Please set down, unchanged, the line containing "Some of the text" and all the lines that follow it until the data below ends.

= = = =

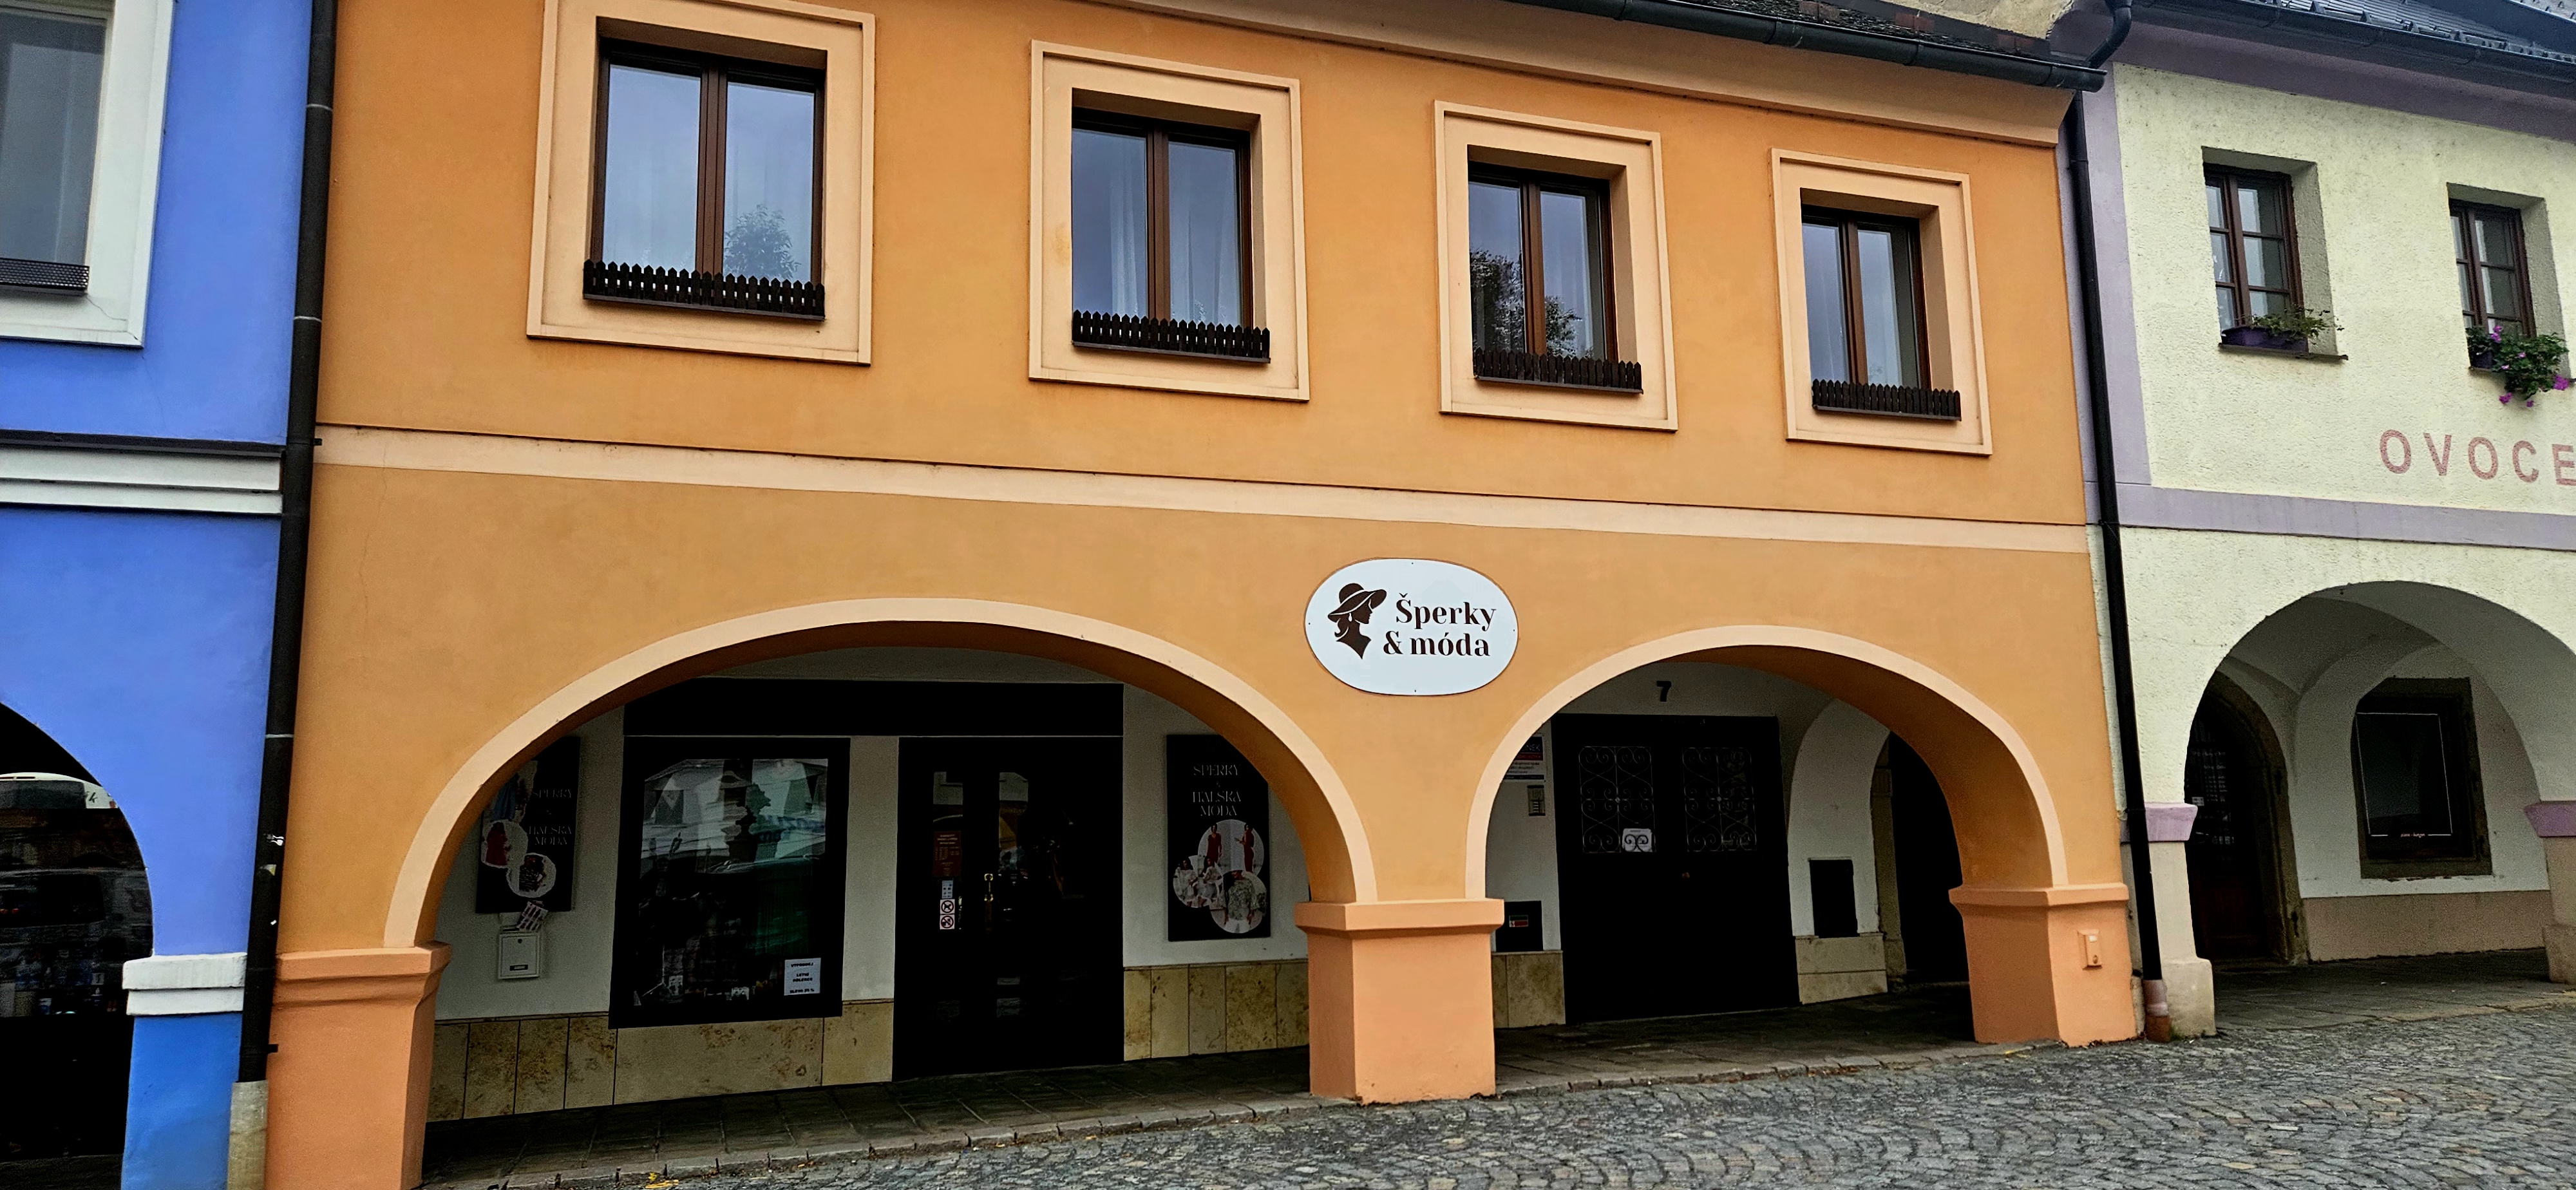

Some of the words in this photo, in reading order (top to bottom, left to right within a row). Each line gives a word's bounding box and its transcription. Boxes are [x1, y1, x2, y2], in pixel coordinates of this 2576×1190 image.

[2380, 429, 2576, 486] OVOCE
[1396, 593, 1496, 632] Šperky
[1383, 630, 1403, 655] &
[1410, 632, 1490, 657] móda
[1656, 680, 1672, 702] 7
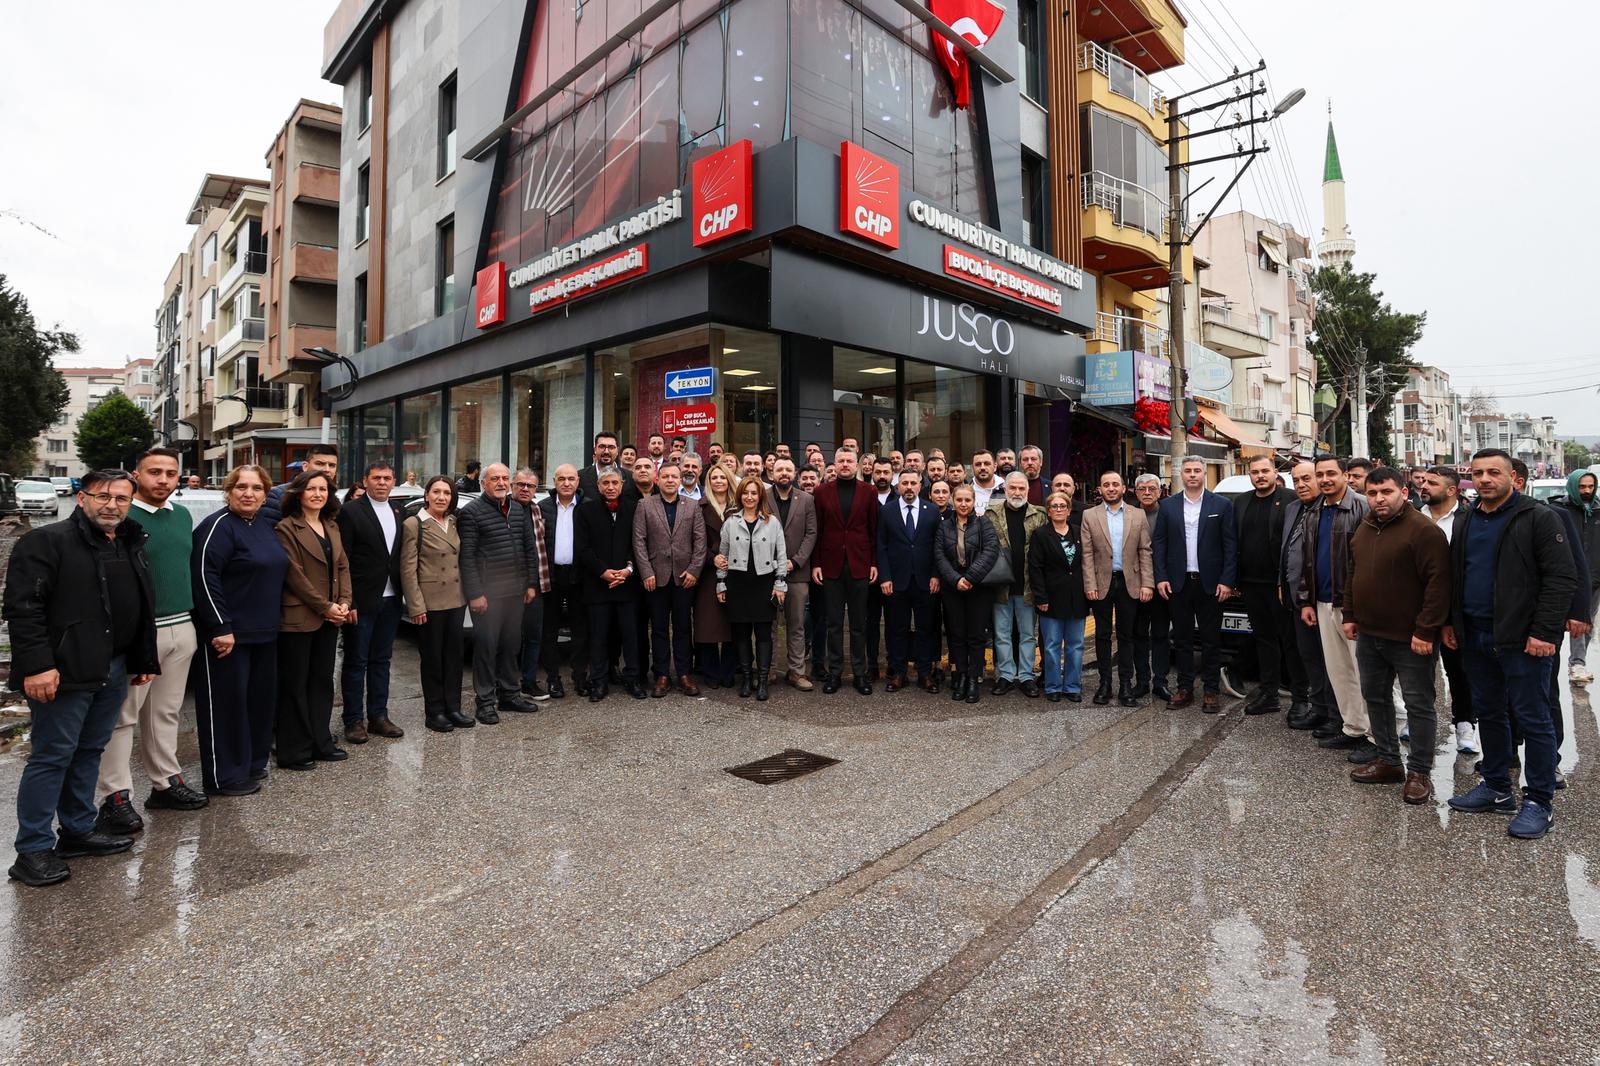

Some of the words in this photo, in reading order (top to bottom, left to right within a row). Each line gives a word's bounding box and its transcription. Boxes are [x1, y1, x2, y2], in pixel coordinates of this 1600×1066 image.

[619, 189, 682, 242] PARTİSİ
[699, 203, 739, 237] CHP
[854, 205, 892, 238] CHP
[907, 199, 1010, 260] CUMHURİYET
[1008, 243, 1043, 274] HALK
[1041, 258, 1083, 291] PARTİSİ
[948, 250, 983, 279] BUCA
[982, 259, 1009, 288] İLÇE
[1007, 273, 1062, 308] BAŞKANLIĞI
[479, 302, 497, 323] CHP
[917, 296, 1015, 356] JUSCO
[981, 358, 1009, 374] HALI
[677, 380, 692, 388] TEK
[676, 419, 686, 427] İLÇE
[686, 417, 714, 426] BAŞKANLIĞI
[1224, 618, 1242, 629] CJF
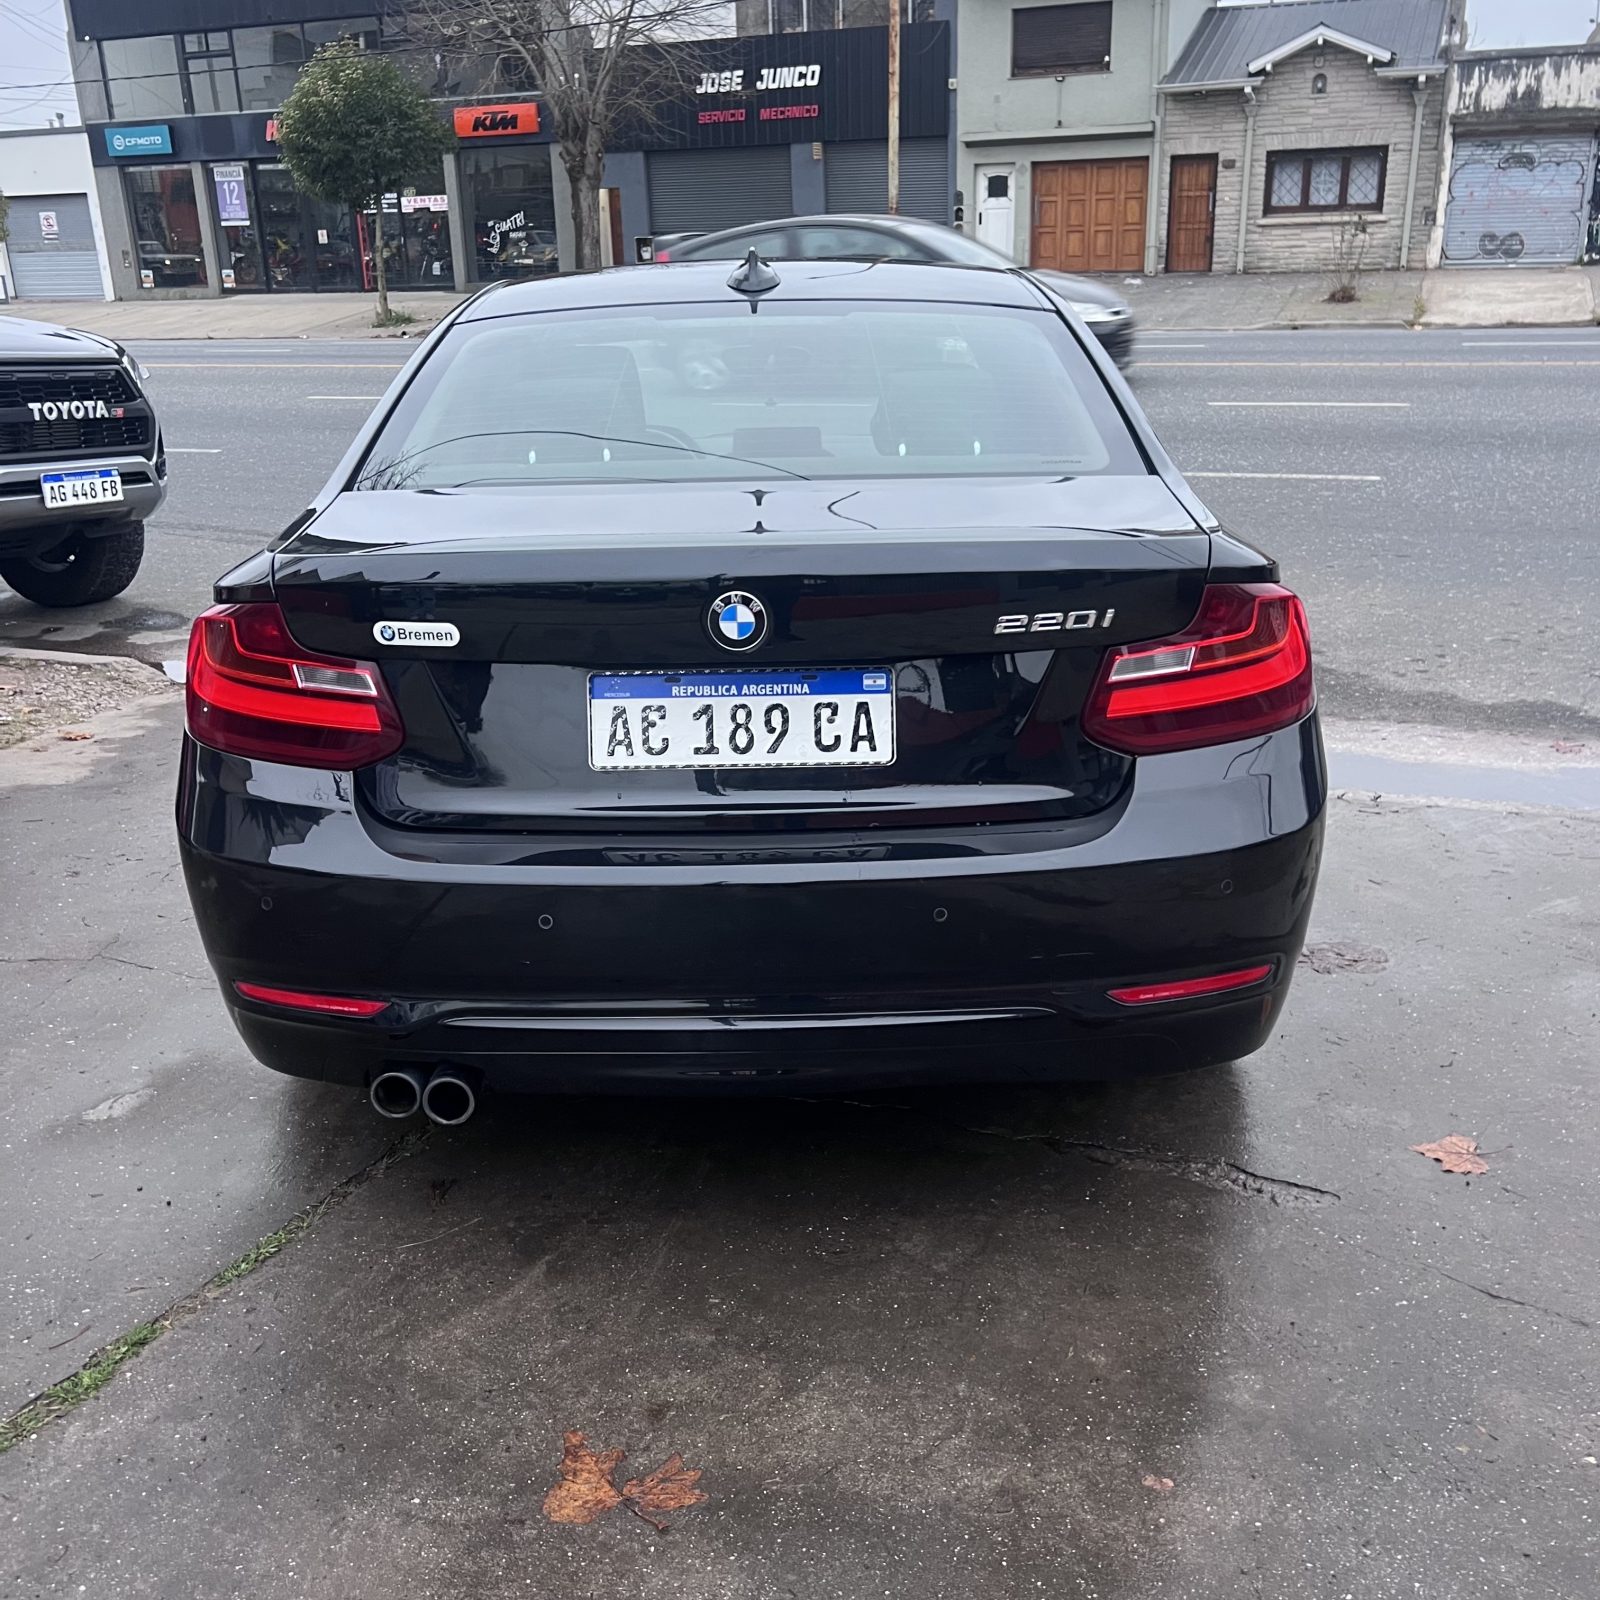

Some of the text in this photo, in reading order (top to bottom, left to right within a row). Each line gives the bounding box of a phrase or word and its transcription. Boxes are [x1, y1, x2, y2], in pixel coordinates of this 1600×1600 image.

[696, 65, 821, 94] JOSE JUNCO
[472, 110, 518, 132] KTM
[698, 104, 819, 124] SERVICIO MECANICO
[125, 136, 162, 146] CFMOTO
[223, 181, 239, 204] 12
[406, 196, 446, 204] VENTAS
[28, 401, 109, 421] TOYOTA
[50, 480, 118, 503] AG 448 FB
[713, 593, 762, 613] BMW
[994, 608, 1115, 634] 220i
[397, 628, 454, 641] Bremen
[671, 683, 810, 697] REPUBLICA ARGENTINA
[606, 701, 878, 757] AC 189 CA

= = = =

### EXERCISE OUTPUT
Some of the text in this photo, in reading order (top to bottom, left to right within a row). Each line gives the bounding box of a phrase or word and its transcription. Boxes are [x1, y1, x2, y2], in pixel coordinates of this 1600×1600 image.

[696, 65, 821, 94] JOSE JUNCO
[472, 110, 518, 132] KTM
[698, 104, 819, 124] SERVICIO MECANICO
[125, 136, 162, 146] CFMOTO
[223, 181, 239, 204] 12
[406, 196, 446, 204] VENTAS
[28, 401, 109, 421] TOYOTA
[50, 480, 118, 503] AG 448 FB
[713, 593, 762, 613] BMW
[994, 608, 1115, 634] 220i
[397, 628, 454, 641] Bremen
[671, 683, 810, 697] REPUBLICA ARGENTINA
[606, 701, 878, 757] AC 189 CA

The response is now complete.